## Data to examine
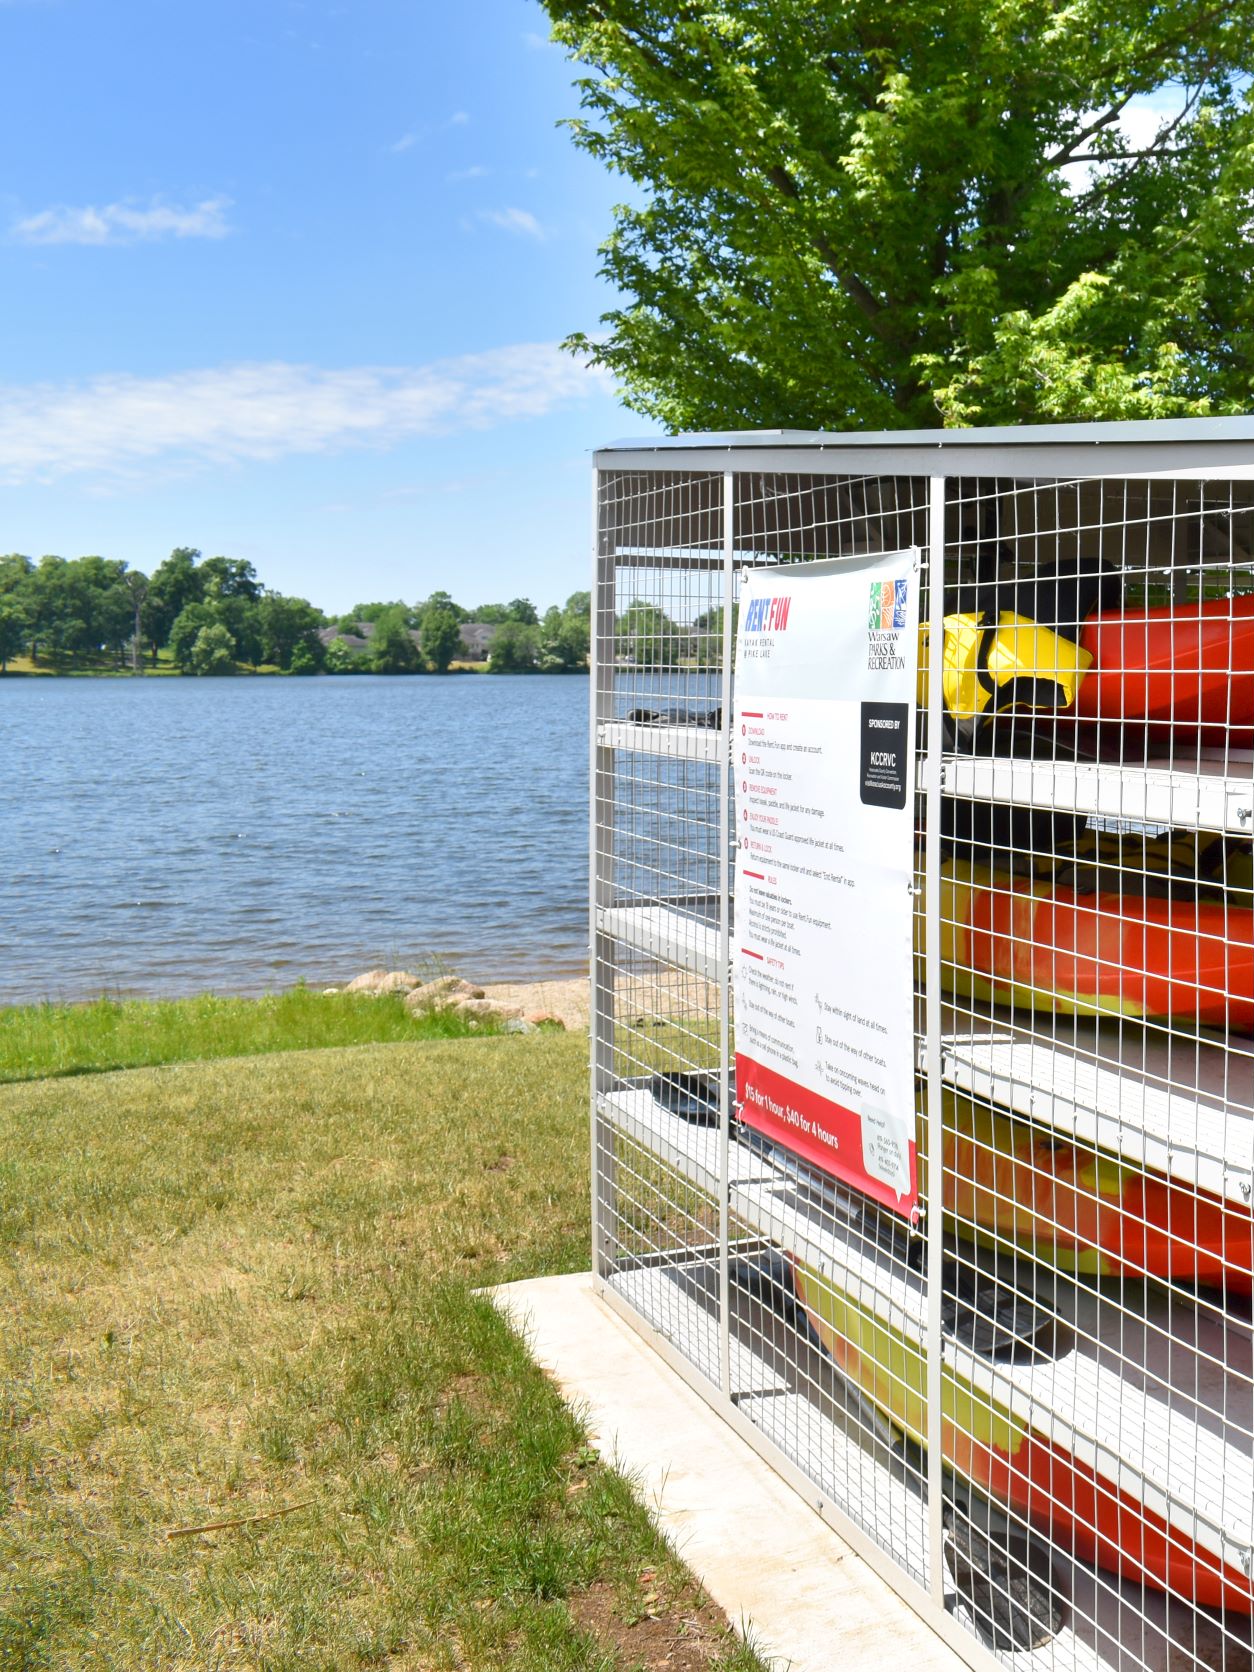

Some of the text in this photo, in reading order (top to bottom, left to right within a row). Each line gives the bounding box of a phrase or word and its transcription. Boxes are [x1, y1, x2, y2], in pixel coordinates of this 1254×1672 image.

[868, 632, 899, 641] Warsaw
[868, 643, 895, 656] PARKS &
[867, 656, 905, 670] RECREATION
[868, 719, 900, 729] SPONSORED BY
[870, 752, 897, 767] KCCRVC
[745, 1083, 838, 1149] $15 for 1 hour, $40 for 4 hours

## Work instructions
Nothing but the pictures may be dropped; restate the material word for word.

## Written reply
Some of the text in this photo, in reading order (top to bottom, left to right within a row). Each line gives the bounding box of a phrase or word and its transcription. Boxes are [x1, y1, x2, y2], in pixel coordinates of this 1254×1672 image.

[868, 632, 899, 641] Warsaw
[868, 643, 895, 656] PARKS &
[867, 656, 905, 670] RECREATION
[868, 719, 900, 729] SPONSORED BY
[870, 752, 897, 767] KCCRVC
[745, 1083, 838, 1149] $15 for 1 hour, $40 for 4 hours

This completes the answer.